§ Required work: I'd like the listing below copied exactly, with the images left out.
================
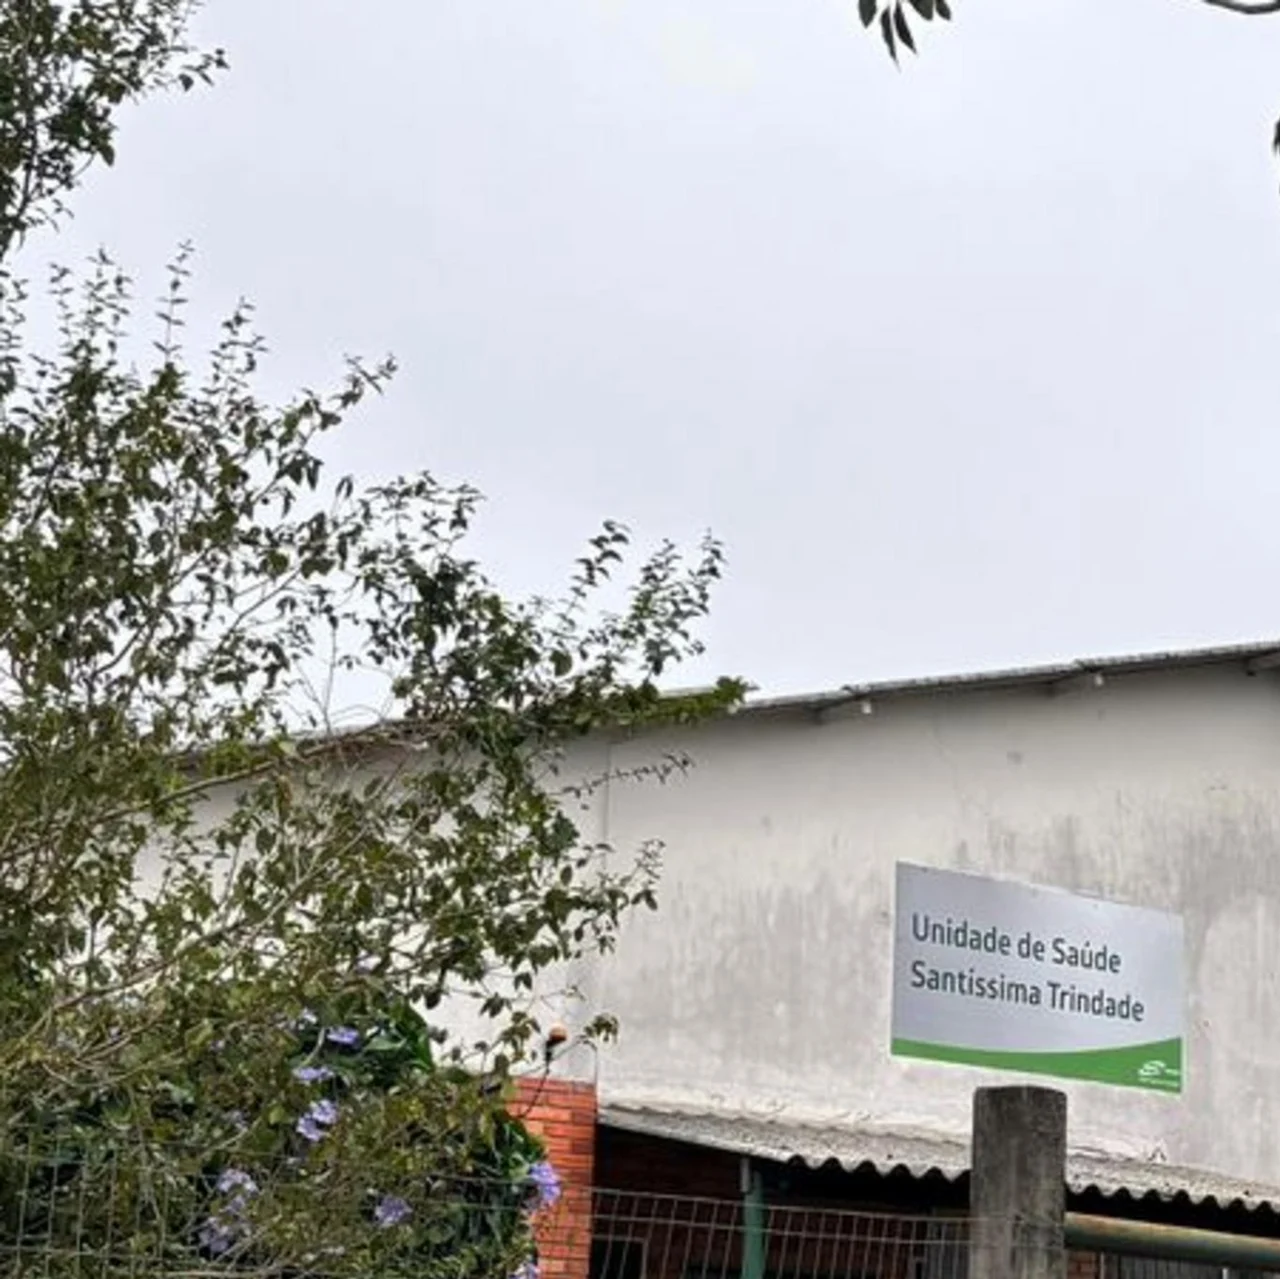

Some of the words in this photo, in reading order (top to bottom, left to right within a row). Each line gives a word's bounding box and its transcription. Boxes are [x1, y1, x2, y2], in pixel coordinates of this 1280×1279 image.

[912, 913, 1011, 956] Unidade
[1018, 933, 1045, 961] de
[1053, 938, 1121, 973] Saúde
[1047, 981, 1144, 1022] Trindade
================
§ Answer:
Some of the words in this photo, in reading order (top to bottom, left to right within a row). Each line gives a word's bounding box and its transcription. Boxes are [x1, y1, x2, y2], in pixel coordinates of this 1280×1279 image.

[912, 913, 1011, 956] Unidade
[1018, 933, 1045, 961] de
[1053, 938, 1121, 973] Saúde
[1047, 981, 1144, 1022] Trindade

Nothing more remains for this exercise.